» Directions
An exact transcription of all the records below is required, without any images.

┄┄┄┄┄┄

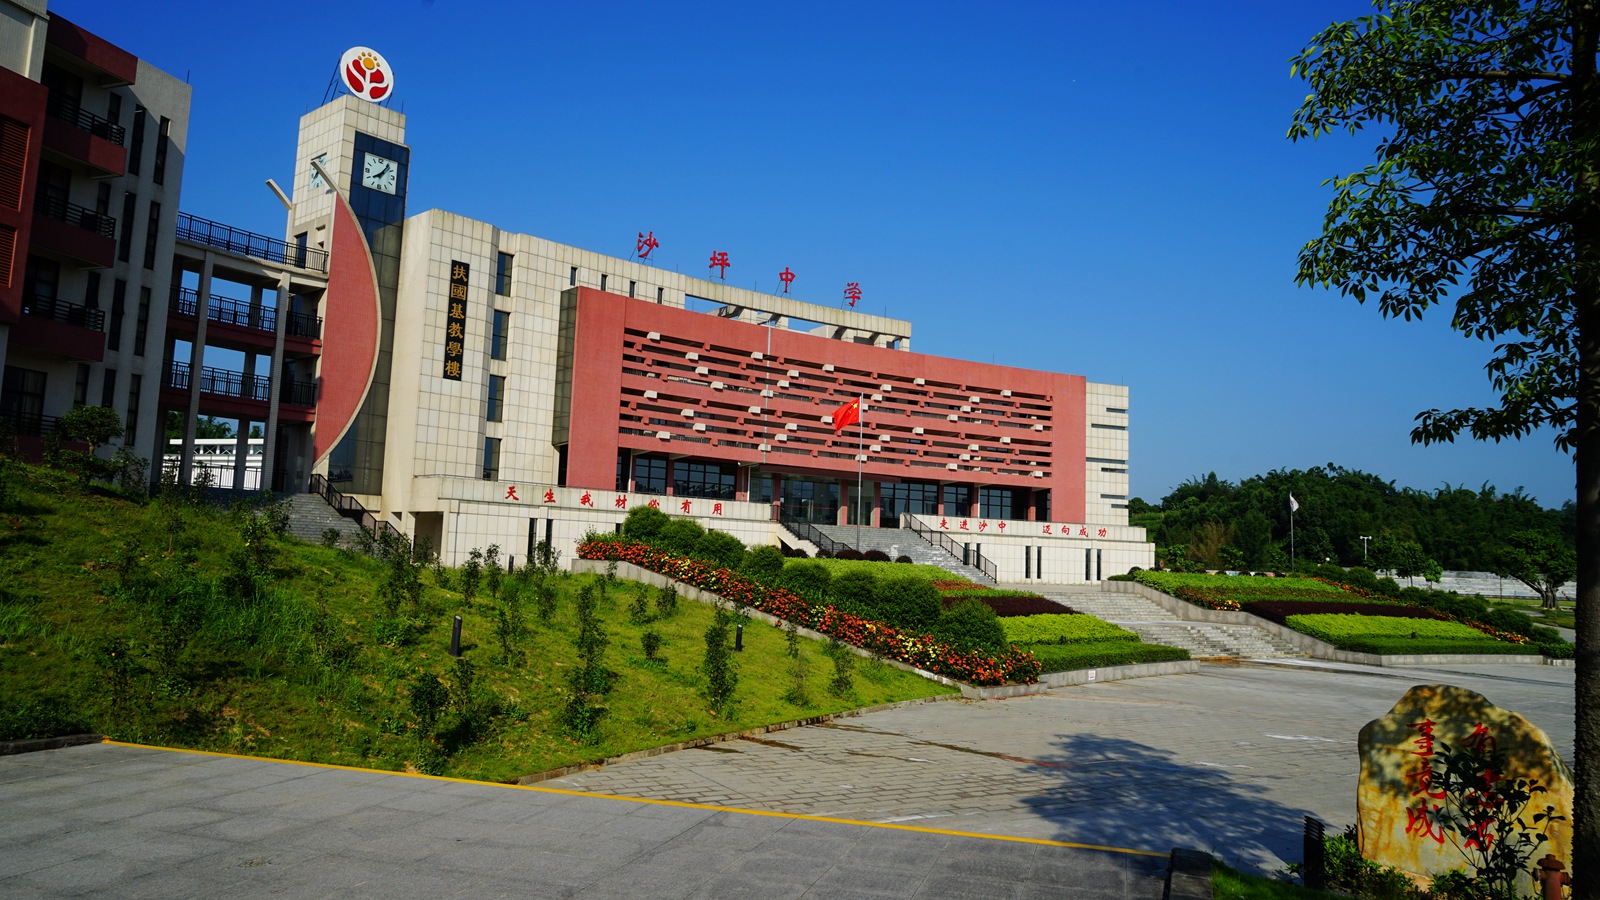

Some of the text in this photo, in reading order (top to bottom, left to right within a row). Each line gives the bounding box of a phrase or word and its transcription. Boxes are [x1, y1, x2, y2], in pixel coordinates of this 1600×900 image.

[637, 231, 863, 307] 沙坪中学
[445, 264, 468, 378] 扶國基教學樓
[505, 485, 723, 516] 天生我材必有用
[939, 517, 1107, 538] 走进沙中 迈向成功

┄┄┄┄┄┄

» Written answer
Some of the text in this photo, in reading order (top to bottom, left to right within a row). Each line gives the bounding box of a phrase or word and its transcription. Boxes are [x1, y1, x2, y2], in pixel coordinates of this 1600×900 image.

[637, 231, 863, 307] 沙坪中学
[445, 264, 468, 378] 扶國基教學樓
[505, 485, 723, 516] 天生我材必有用
[939, 517, 1107, 538] 走进沙中 迈向成功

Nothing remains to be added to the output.